The year 2009 has begun with greater emphasis on bridging the serious gaps in segments of importance.
Take Obama's latest propositions in changing the face of education in the US where, there are 110,000 expulsions and 3 million suspensions that are known to happen each year. In India, we definitely have little access to these actual numbers but we do know that teachers hitting out at children is almost an accepted form of punishment to correct the behaviors of specific challenging kids. What parents dont realise is that they can take recourse to legal action in these situations.

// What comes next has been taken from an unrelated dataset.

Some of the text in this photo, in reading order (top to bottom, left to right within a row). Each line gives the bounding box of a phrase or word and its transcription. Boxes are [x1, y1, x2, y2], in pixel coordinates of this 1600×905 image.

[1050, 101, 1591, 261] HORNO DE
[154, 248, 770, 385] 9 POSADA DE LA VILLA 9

Coming back to the US education scenario, an interesting approach has been formulated. It's called as collaborative problem solving. This was conceptualised by Dr. Ross Greene, who works at Harvard Medical School's psychiatry deparment. What it means is that behavioral challenges such as lack of flexibility or basic cognitive skills are perceived as developmental delays. So, this principle reiterates that the children shouldnt be punished simply because they are unable to understand and adapt to the demands of the school that placed on their tender shoulders.
Those who have seen Taare Zameen Par, the Bollywood flick, which was a bold and sincere attempt to address the same concept. Countless movie goers appreciated the suffering of the child protagonist, Ishaan, who embodies a classic case of Ross Greene's principle on developmental delays.

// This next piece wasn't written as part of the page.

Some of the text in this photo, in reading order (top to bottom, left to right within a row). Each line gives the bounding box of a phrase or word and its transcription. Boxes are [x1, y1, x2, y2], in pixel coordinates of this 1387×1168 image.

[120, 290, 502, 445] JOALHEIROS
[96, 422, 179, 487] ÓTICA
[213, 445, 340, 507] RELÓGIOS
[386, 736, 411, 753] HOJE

But here are some questions that continue to trouble parents:
1. What happens when a school refuses to use diligence and reinforces a system of punishment on a child who is suffering from similar developmental delays?
2. Will lawyers be able to take a proactive approach in initiating preliminary discussions with school authorities in representing these issues relating to a child's educational rights?
To answer question one at a micro level, it is important for parents to assess the situation correctly. Where it does seem apparent that a child is being unduly tormented by the punishment system, it calls for an immediate discussion with school authorities. If that fails to bring out measurable outcomes, we know exactly what comes next. Yes, the law steps in.
That, my dear friends, is just the beginning.